DELAWARE TWP. — Tony Sundstrom, 66, of Delaware Township and his brother are heirs to a fortune in antique porcelain and priceless oil paintings. At least they would be if it all hadn’t been stolen during World War II.
Sundstrom’s mother, Mariella, was a Hatvany. The Hatvanys made their money in agriculture and had been awarded an aristocratic title for making sugar beets a major crop in Hungary. Mariella was a baroness and lived in a palatial mansion in Budapest, Hungary. The place was filled with antique furniture, tapestries, paintings, sculpture and porcelain.
The Hatvanys were of Jewish ancestry, so when the war drums started beating, Mariella moved to America in 1938. “My mother was ripped out of a fairy tale, and just came over here and went to work,” leaving her baronial title in Europe, Sundstrom says. But when the Nazis overran Hungary, her grandmother and one of her uncles were hidden by neighbors' servants in caverns beneath the neighborhood, and they eluded capture for the duration of the war. The mansion and all its treasures were left behind, and in 1940 German SS officers moved in.
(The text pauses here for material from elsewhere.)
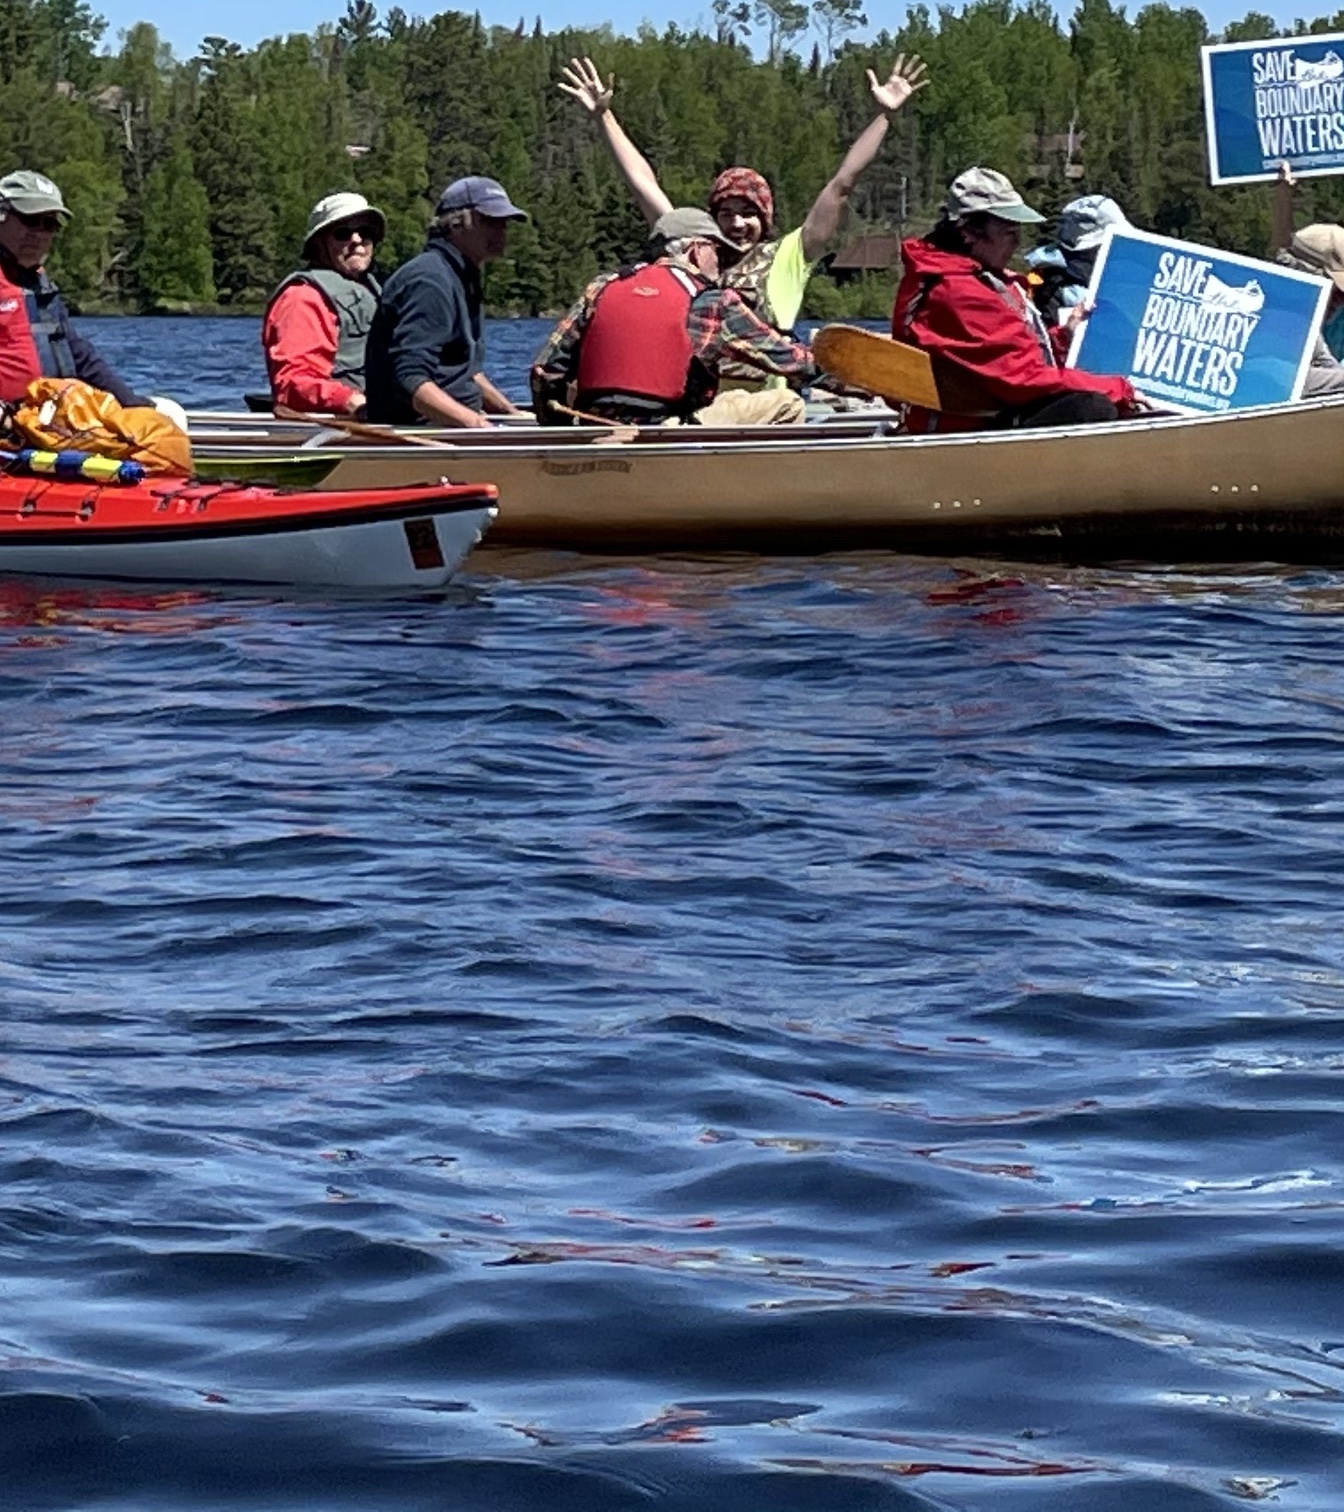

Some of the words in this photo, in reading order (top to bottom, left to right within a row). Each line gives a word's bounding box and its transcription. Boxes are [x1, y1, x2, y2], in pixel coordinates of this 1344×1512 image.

Later waves of fighting men of a variety of nationalities swept through Budapest.
He doesn’t know who all had access to the mansion. But what he does know is that when the dust settled and the new communist government seized the Hatvany’s agribusiness empire, warehouses and residences, the Budapest mansion had been stripped of its furnishings and artworks. The building is now a museum of music history.
During the war, Mariella was living and working in New York City, making weekend visits to the farm that her aunt Antonia Hatvany, another former baroness, had purchased in 1936 off the Lambertville-Headquarters Road in Delaware Township.
Eventually, Mariella married and made her home there, too, raising her two sons in a rebuilt and converted barn. She taught ancient history and art history at Solebury School in Bucks County, and her husband, Ed Sundstrom, worked at the Princeton University bookstore. The boys attended the Solebury School, and Tony took to visiting Schuck’s garage in Stockton, learning how to fix cars.
Although Tony made his living fixing and restoring vintage vehicles, he now depends heavily upon Social Security. He still resides in the house he has lived in since he was one. His brother, Tom, 71, lives in Vincentown, suffering from a succession of medical problems. For the past 10 years, the Sundstroms have been clients of Klein, Solomon & Urbach, a law firm that helps Holocaust survivors and their heirs to recover property seized before and during World War II.
Although Tony has been hoping his family heirlooms would turn up for a long time, two recent events have caused his hope to burn a little brighter — seeing the movie “The Monuments Men,” and the discovery of 1,400 pictures in Munich, many of which may have been stolen by the Nazis.
“The Monuments Men” stars George Clooney. Tony found it “thrilling and encouraging.” It is about a platoon sent into Nazi Germany to rescue stolen art masterpieces. And the Hatvany collection may have enough star quality to be in their own movie. A pre-war inventory of the Hatvany paintings includes works by many substantial names from the 1400s-1800s, including Domenico Tintoretto, Il Guernico, Sebastiano Ricci, Sir Joshua Reynolds, Theodore Rousseau, Sir Thomas Lawrence, Ferdinand Georg Waldmuller, Aert van der Neer, Theodor Rombouts, Sir Peter Lely, Jan Van Goyen and more.
In Munich authorities seized 1,400 paintings, drawings and prints from Cornelius Gurlitt, the son of an art dealer who had dealings with the Nazis. They are currently trying to figure out which ones are Nazi loot. None of them are from the Hatvany mansion, Tony says.
But the next cache uncovered might be. “Ninety percent of the artwork stolen by the Nazis hasn’t been recovered yet,” Tony says. The Hatvany treasures could have been carted away to other countries, or kept in Hungary, hidden in basements or caverns. Tony has no clue; he’s “hoping for a break.” As people die and real estate changes hands, there is a slow churning that could one day turn up a piece that will lead back to the mother lode.
Or someone who fled Hungary long ago and settled in one of the Hungarian enclaves in Trenton or New Brunswick will read this story, get in touch with Tony’s attorney Mel Urbach at email@example.com, and say, “I know something. I saw the trucks going away from the Hatvany palace.”
Even if some Hatvany treasure is found, it is far from certain that it will just get handed over to him. Whoever is holding it now may be a link in a chain of good-faith purchasers who had no idea they were buying stolen property. In that case, Tony says, “We deal,” and make “a reasonable, mutually agreeable settlement.”
Tony is more hopeful than confident that European riches will rain down to enable him and his brother to have better lives. But to him it’s worth a flirtation with fortune. “If you don’t go up to the pretty girl and ask her out, she’s not going out with you,” he says with a philosophical smile.